Maqasid al-Syari'ah diterjemahkan sebagai tujuan dan sasaran syariah. Maqasid al-
Syari'ah dalam perspektif ini terdiri dari tujuan di mana syariah didirikan dan yang diarahkan
oleh semua tindakan manusia. Syariah merupakan keputusan (ahkam) yang mencakup
semua aspek sistem kepercayaan ('aqidah), hubungan antara individu dan Tuhan ('ibadah),
dan hubungan antara manusia(mu'amalah), serta sistem etika dan moralitas (akhlaq).
Memahami syariah ini memiliki implikasi bagi pendekatan yang akan diambil dalam
mengembangkan keuangan Islam dan menetapkan arahnya. Pemahaman maqasid sebelum
meletakkan pedoman atau menetapkan aturan praktis adalah penting untuk mendapatkan
output yang benar dari proses ijtihad (Al-Qaradawi, 2007, hlm. 137).
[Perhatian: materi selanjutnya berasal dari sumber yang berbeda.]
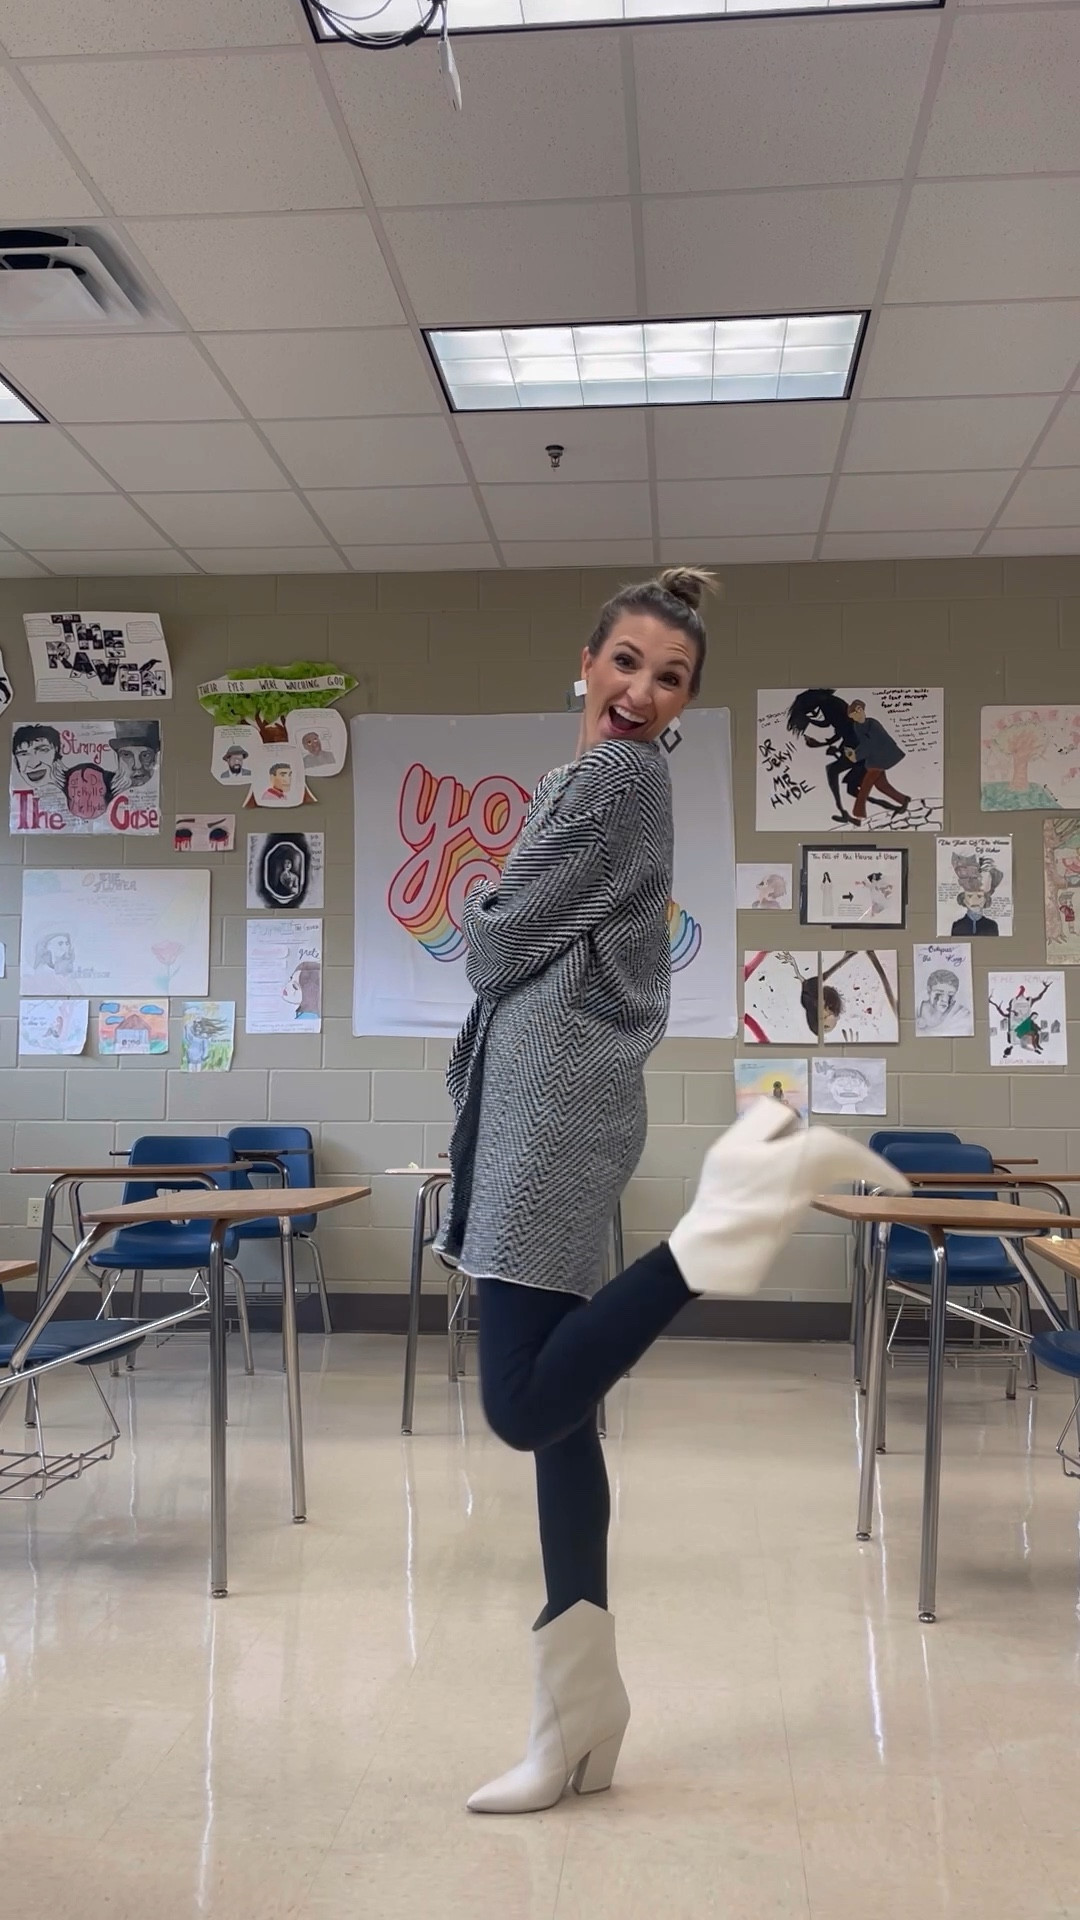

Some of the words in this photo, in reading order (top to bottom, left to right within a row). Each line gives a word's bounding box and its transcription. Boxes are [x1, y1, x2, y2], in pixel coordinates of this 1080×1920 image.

Dalam prakteknya, proses seperti itu akan membawa kita pada pendekatan yang
seimbang dalam memperoleh hukum dari teks (nusus) dan menghasilkan hasil yang
moderat dan adil (Al-Qur'an, 55: 8-9). Selain itu, ia menghindari dua ekstrem: pendekatan
literal ekstrem, yang mengabaikan dan menggagalkan maqasid dengan mengemban
pemahaman tekstual yang kaku, dan pendekatan liberal ekstrem, yang mengabaikan dan
menggagalkan maqasid dengan secara longgar menafsirkan teks menggunakan penalaran
intelektual yang tak terkendali.
Oleh karena itu, maqasid membuka jalan ijtihad bersama-sama dengan prosedur al-fiqh
untuk memperoleh hukum untuk memastikan bahwa kekuatan hukum diatur dalam putusan
hukum praktis (Kamali, 2000, hlm. 22).

C. Ujungnya (maqasid) dalam keuangan Islam


Berkenaan dengan keuangan Islam khususnya, maqasid al-Syariah mengacu pada
tujuan dan makna keseluruhan yang ingin dicapai syariah dari prinsip dan keputusannya
yang terkait dengan kegiatan keuangan dan transaksi (Laldin, 2008, hlm. 77).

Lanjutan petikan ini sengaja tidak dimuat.